BEGIN Information shown

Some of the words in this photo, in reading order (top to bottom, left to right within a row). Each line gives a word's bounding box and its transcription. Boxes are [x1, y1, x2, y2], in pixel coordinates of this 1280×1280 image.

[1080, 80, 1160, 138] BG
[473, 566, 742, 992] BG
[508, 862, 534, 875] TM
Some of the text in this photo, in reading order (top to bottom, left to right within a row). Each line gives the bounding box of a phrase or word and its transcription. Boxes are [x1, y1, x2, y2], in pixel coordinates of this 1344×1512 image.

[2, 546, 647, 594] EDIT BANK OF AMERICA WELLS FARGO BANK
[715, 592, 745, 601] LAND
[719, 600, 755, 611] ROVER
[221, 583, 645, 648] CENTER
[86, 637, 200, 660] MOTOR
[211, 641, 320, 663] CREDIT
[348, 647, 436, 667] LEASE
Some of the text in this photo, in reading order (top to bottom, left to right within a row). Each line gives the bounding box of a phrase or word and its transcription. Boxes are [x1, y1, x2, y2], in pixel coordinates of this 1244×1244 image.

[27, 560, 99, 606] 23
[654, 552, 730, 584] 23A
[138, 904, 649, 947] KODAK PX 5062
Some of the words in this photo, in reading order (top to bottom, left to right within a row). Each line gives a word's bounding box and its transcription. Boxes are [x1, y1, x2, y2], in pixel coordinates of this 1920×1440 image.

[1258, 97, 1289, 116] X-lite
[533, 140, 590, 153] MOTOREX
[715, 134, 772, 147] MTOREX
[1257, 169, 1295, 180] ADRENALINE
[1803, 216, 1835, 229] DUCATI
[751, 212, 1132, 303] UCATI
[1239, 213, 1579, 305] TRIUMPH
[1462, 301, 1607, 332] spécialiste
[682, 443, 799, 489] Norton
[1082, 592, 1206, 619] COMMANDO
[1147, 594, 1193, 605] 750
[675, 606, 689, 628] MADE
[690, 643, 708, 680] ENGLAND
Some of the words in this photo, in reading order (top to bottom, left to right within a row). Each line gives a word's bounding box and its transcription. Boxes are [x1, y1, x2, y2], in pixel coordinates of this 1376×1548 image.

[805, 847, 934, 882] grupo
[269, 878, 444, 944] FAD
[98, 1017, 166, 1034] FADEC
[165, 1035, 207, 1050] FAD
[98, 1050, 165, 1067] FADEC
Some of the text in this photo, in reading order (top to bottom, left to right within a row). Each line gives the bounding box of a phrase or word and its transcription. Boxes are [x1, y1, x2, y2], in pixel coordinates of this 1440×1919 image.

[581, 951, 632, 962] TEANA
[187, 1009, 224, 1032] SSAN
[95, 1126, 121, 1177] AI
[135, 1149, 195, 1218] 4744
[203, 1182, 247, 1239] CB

END Information shown

» Exercise requirements:
Word for word, return each of the entries shown above.

» Task answer:
Some of the words in this photo, in reading order (top to bottom, left to right within a row). Each line gives a word's bounding box and its transcription. Boxes are [x1, y1, x2, y2], in pixel coordinates of this 1280×1280 image.

[1080, 80, 1160, 138] BG
[473, 566, 742, 992] BG
[508, 862, 534, 875] TM
Some of the text in this photo, in reading order (top to bottom, left to right within a row). Each line gives the bounding box of a phrase or word and its transcription. Boxes are [x1, y1, x2, y2], in pixel coordinates of this 1344×1512 image.

[2, 546, 647, 594] EDIT BANK OF AMERICA WELLS FARGO BANK
[715, 592, 745, 601] LAND
[719, 600, 755, 611] ROVER
[221, 583, 645, 648] CENTER
[86, 637, 200, 660] MOTOR
[211, 641, 320, 663] CREDIT
[348, 647, 436, 667] LEASE
Some of the text in this photo, in reading order (top to bottom, left to right within a row). Each line gives the bounding box of a phrase or word and its transcription. Boxes are [x1, y1, x2, y2], in pixel coordinates of this 1244×1244 image.

[27, 560, 99, 606] 23
[654, 552, 730, 584] 23A
[138, 904, 649, 947] KODAK PX 5062
Some of the words in this photo, in reading order (top to bottom, left to right within a row). Each line gives a word's bounding box and its transcription. Boxes are [x1, y1, x2, y2], in pixel coordinates of this 1920×1440 image.

[1258, 97, 1289, 116] X-lite
[533, 140, 590, 153] MOTOREX
[715, 134, 772, 147] MTOREX
[1257, 169, 1295, 180] ADRENALINE
[1803, 216, 1835, 229] DUCATI
[751, 212, 1132, 303] UCATI
[1239, 213, 1579, 305] TRIUMPH
[1462, 301, 1607, 332] spécialiste
[682, 443, 799, 489] Norton
[1082, 592, 1206, 619] COMMANDO
[1147, 594, 1193, 605] 750
[675, 606, 689, 628] MADE
[690, 643, 708, 680] ENGLAND
Some of the words in this photo, in reading order (top to bottom, left to right within a row). Each line gives a word's bounding box and its transcription. Boxes are [x1, y1, x2, y2], in pixel coordinates of this 1376×1548 image.

[805, 847, 934, 882] grupo
[269, 878, 444, 944] FAD
[98, 1017, 166, 1034] FADEC
[165, 1035, 207, 1050] FAD
[98, 1050, 165, 1067] FADEC
Some of the text in this photo, in reading order (top to bottom, left to right within a row). Each line gives the bounding box of a phrase or word and its transcription. Boxes are [x1, y1, x2, y2], in pixel coordinates of this 1440×1919 image.

[581, 951, 632, 962] TEANA
[187, 1009, 224, 1032] SSAN
[95, 1126, 121, 1177] AI
[135, 1149, 195, 1218] 4744
[203, 1182, 247, 1239] CB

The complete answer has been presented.